Politicians are Busy without Accountability in a Dysfunctional System

Politicians are busy without accountability in a dysfunctional system.

I’ve written a ton of letters and contacted a ton of people. Few respond. Especially, politicians don’t respond.

If someone DID have a great solution- they’re not listening. They’re fighting to win. They’re working hard in Congress. They’re trying to figure out what people want. Daily they spend several hours on fundraising.

This is one way the system helps keep itself the way it is. It’s completely arranged to stay dysfunctional.

If there were a devil, he’d have invented it this way. He’d make a dysfunctional system where people work very, very hard to succeed, so they’re too busy to really consider fixing it.

Since it’s dysfunctional, people would have to try all sorts of weird schemes to make it even partially work. So they’d put their effort into working this dysfunctional system instead trying to fix it.

And it would be so dysfunctional that people would by resigned and cynical. Present a real solution and they’d say “Yeah, right,” and roll their eyes.

This is the system we have. Your cynicism keeps it in place. Your ideas that someone needs to succeed before you’ll give a new solution a try keeps new projects from succeeding.

Christianity is based on faith. But it’s not faith that Jesus was God’s son. It’s not faith that you’ll be saved after you die. It’s faith that you should do the right thing, even when the system says not to.

When Jesus was alive, the Hebrew leaders were corrupt. They were in league with Rome. They honored the political order more than they honored morality. Jesus said, “No!” He tried to bring people back to their foundational morality.

That’s what you need to have faith in- not the Bible, but in morality. We all sell out to the system. We all adjust to our corporate-greed driven world. That’s okay if at least you realize that you’re selling out and look for something better, listen for something better.

We do that a little. I’ve talked to many hundreds of people. Mostly I get arguments about “how the system is” and “how people are.” People have sold out to cultural truths. We can do better. Listen for a new way. Listen for a miracle.

People say that the technology we have today would appear to be magic in the days of King Arthur. Similarly, a world where government is accountable to people would me magic to you. Neither is magic. Both are possible.
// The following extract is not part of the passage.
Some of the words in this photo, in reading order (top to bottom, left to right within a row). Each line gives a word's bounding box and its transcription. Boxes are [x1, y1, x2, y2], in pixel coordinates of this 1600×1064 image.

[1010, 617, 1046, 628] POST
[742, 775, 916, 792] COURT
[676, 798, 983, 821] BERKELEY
You needn’t believe in PeopleCount. But I guarantee, support PeopleCount and it’ll at least have enough success to break through our belief that there’s no possibility for a breakthrough in politics. PeopleCount will probably succeed, but at least it’ll cause enough disruption of the current cynicism to lead to real change.
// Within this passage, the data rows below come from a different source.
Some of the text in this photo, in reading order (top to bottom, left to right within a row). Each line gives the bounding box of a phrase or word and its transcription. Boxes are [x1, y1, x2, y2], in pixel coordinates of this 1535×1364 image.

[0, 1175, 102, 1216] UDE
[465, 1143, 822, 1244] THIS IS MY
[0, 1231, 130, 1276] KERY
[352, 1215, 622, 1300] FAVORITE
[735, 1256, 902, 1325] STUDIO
Believe it. You have nothing to lose but today’s political dysfunction. Please add your email address to our announcement list.

Accountability aids Productivity

I find that accountability aids productivity.
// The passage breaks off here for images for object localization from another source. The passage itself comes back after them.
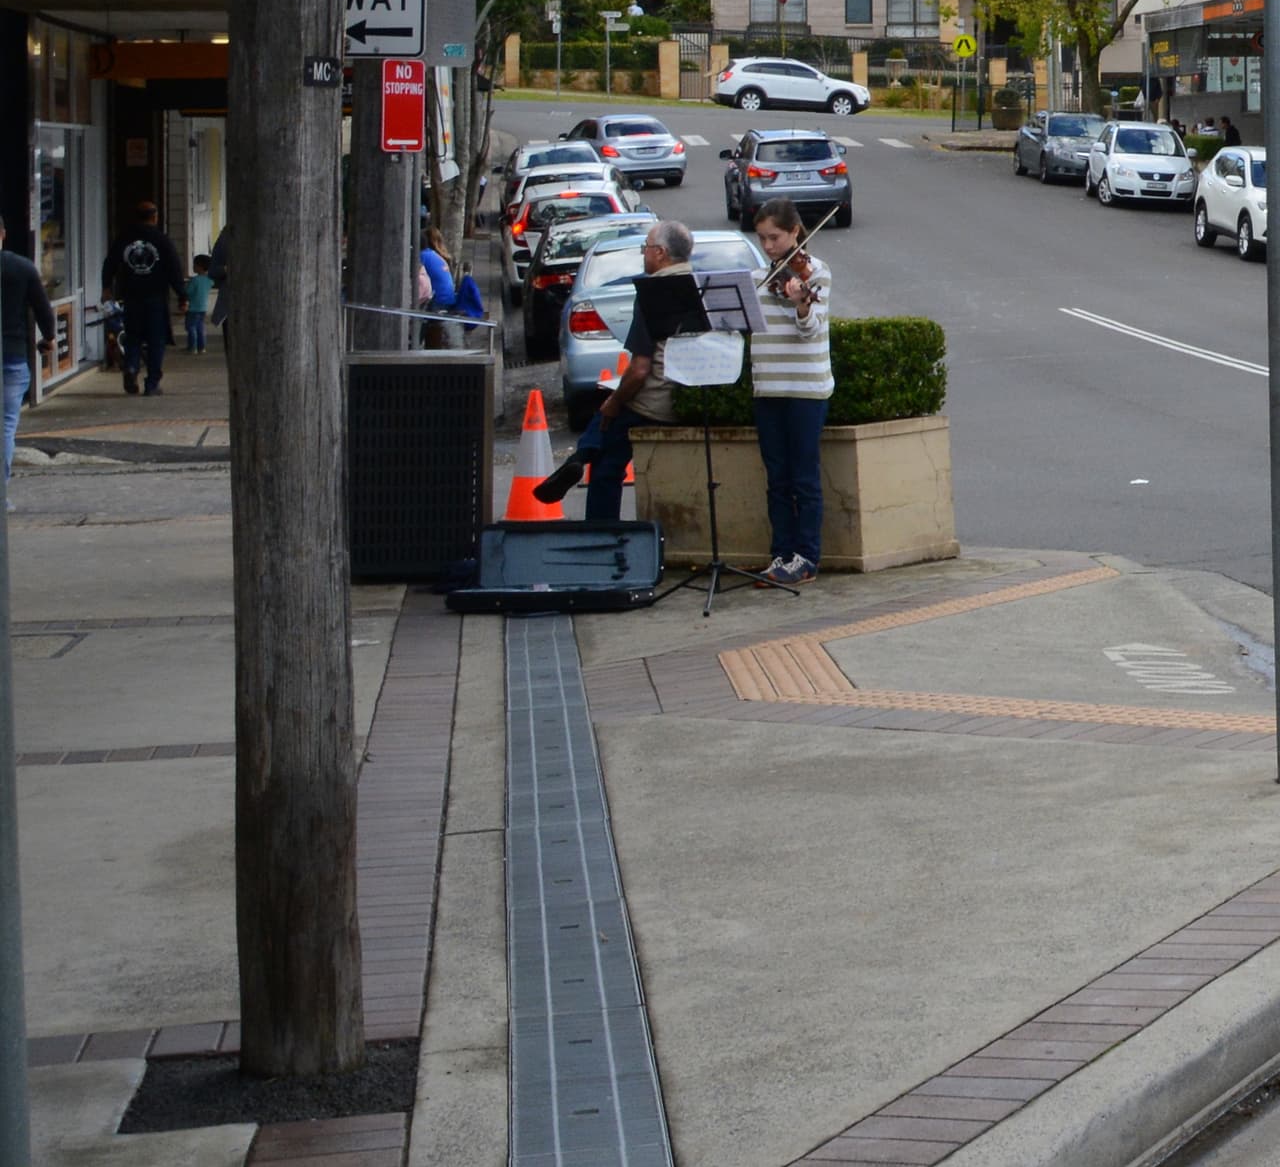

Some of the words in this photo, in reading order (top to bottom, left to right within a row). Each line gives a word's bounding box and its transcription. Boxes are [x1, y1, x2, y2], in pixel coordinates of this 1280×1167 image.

[313, 62, 331, 81] MC
[395, 64, 413, 80] NO
[384, 82, 424, 95] STOPPING
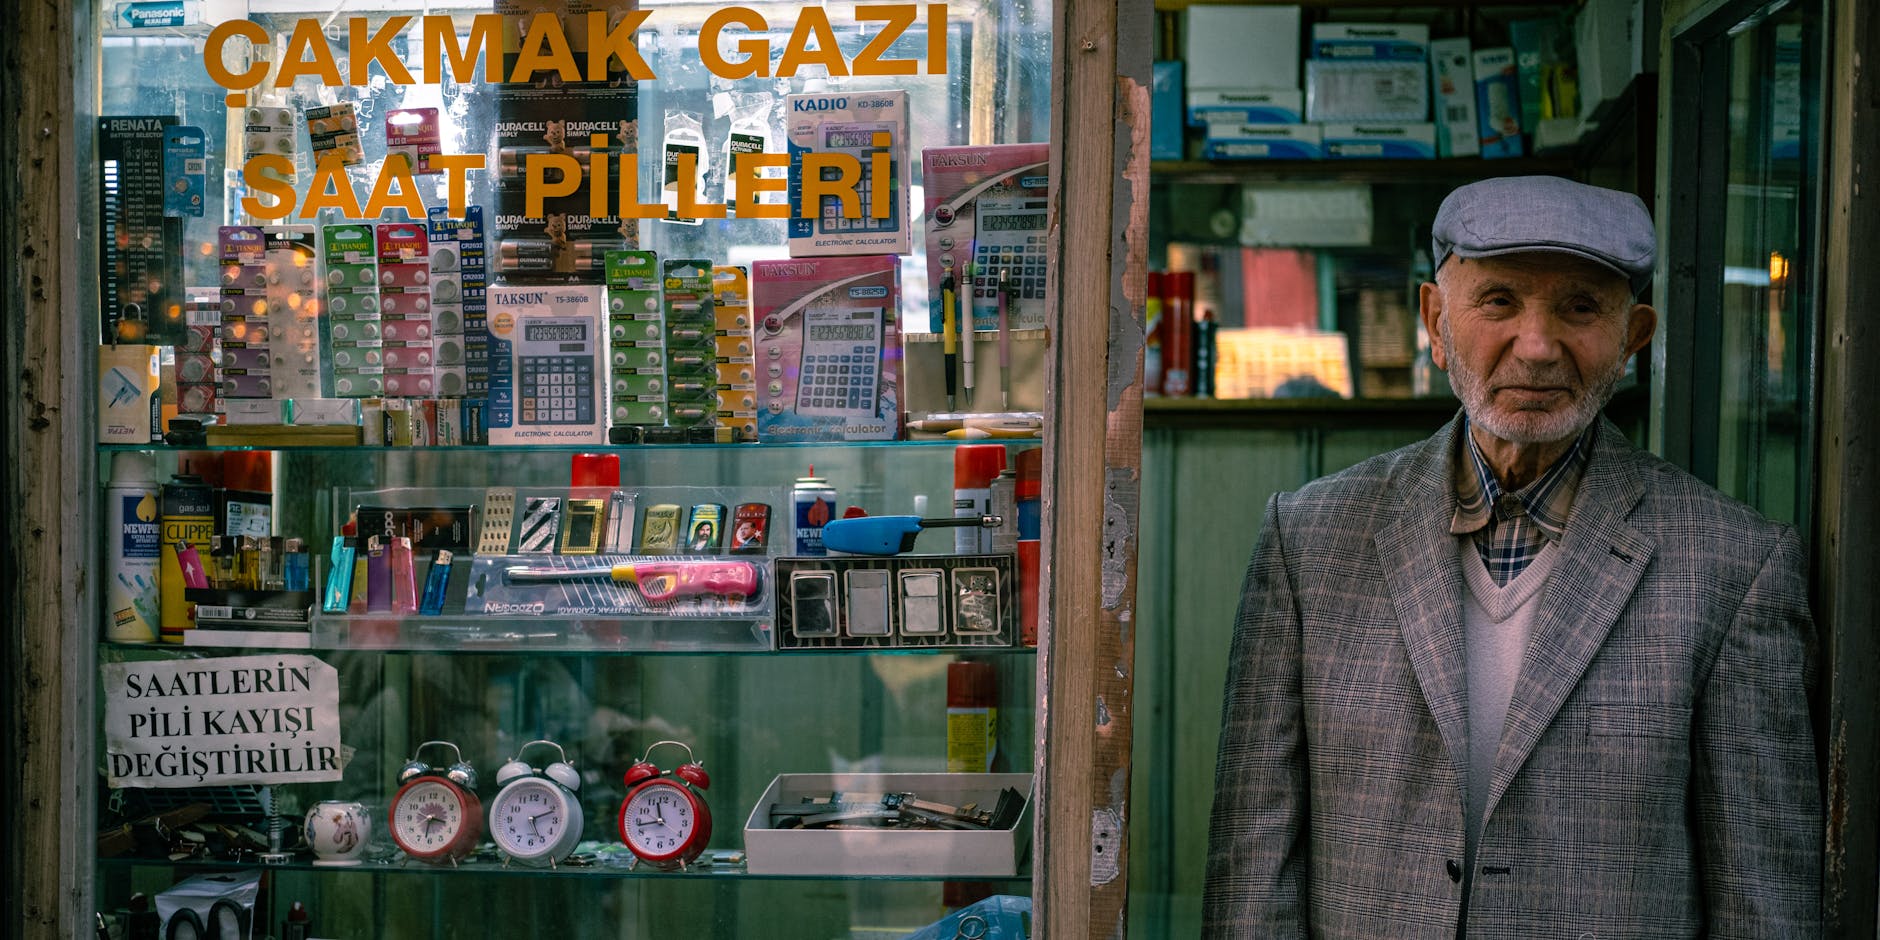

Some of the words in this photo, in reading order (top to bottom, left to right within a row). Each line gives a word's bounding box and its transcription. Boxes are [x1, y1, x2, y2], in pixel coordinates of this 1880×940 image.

[131, 7, 185, 19] Panasonic
[143, 18, 172, 26] ALKALINE
[203, 10, 657, 108] ÇAKMAK
[698, 3, 948, 80] GAZI
[794, 97, 847, 112] KADIO
[110, 119, 163, 131] RENATA
[495, 122, 545, 132] DURACELL
[566, 121, 618, 131] DURACELL
[929, 152, 986, 168] TAKSUN
[241, 153, 486, 220] SAAT
[525, 132, 892, 219] PİLLERİ
[495, 215, 546, 224] DURACELL
[567, 215, 619, 224] DURACELL
[815, 239, 853, 247] ELECTRONIC
[759, 262, 816, 277] TAKSUN
[665, 278, 682, 289] GP
[495, 293, 543, 305] TAKSUN
[472, 407, 480, 442] Panasonic
[830, 423, 887, 434] calculator
[178, 504, 194, 514] gas
[123, 523, 160, 534] NEWPO
[166, 524, 214, 540] CLIPPE
[484, 602, 545, 616] ÖZDOĞAN
[557, 606, 596, 614] ÇAKMAĞI
[598, 606, 631, 614] MUTFAK
[126, 661, 311, 699] SAATLERİN
[128, 705, 192, 738] PİLİ
[202, 706, 316, 739] KAYIŞI
[112, 740, 339, 782] DEĞİŞTİRİLİR
[519, 796, 526, 804] 11
[659, 796, 669, 804] 12
[511, 805, 521, 813] 10
[640, 807, 650, 815] 10
[680, 808, 686, 816] 2
[635, 817, 641, 826] 9
[509, 826, 515, 834] 8
[547, 827, 553, 835] 4
[677, 830, 682, 838] 4
[516, 835, 522, 843] 7
[645, 837, 651, 845] 7
[669, 838, 675, 846] 5
[657, 841, 663, 849] 6
Accountability aids Productivity

I’ve had very full days, the last few days. I’ve been putting together schedules and specs, going through the details.

I can’t do it alone. There’s nothing that I know today about it that I didn’t know a few days ago or a month ago. Yet I couldn’t do it then. Other things seemed more important.

But now someone needs it. So now I can focus on it.

I’m more productive on a team

Why is it so much easier for me to produce something when it’s for someone else?

A minute ago, I hadn’t a clue about the answer. And now it’s obvious. I didn’t feel like I needed it. I knew a spec would be needed, but that didn’t make me need it. Another way of looking at it was that it wasn’t urgent.

It’s much easier for me to create urgency if someone else needs it. I guess I’m naturally prone to being accountable.

This is the first big project I’ve run. I have a long way to go to be reliable. But I’m willing to be accountable. Ask me about something I promised, or even something I mentioned, and I’ll tell you what I’ve done so far and what’s left. I’ll tell you why it’s not done.

I’ve worked on PeopleCount almost four and a half years. I’ve had some team-mates just in the last two months. It’s great, but we’re still learning to work together. We’re still learning how to be accountable to each other.

But it’s good. I have people who are depending on me, and that helps me focus. I better get back to it.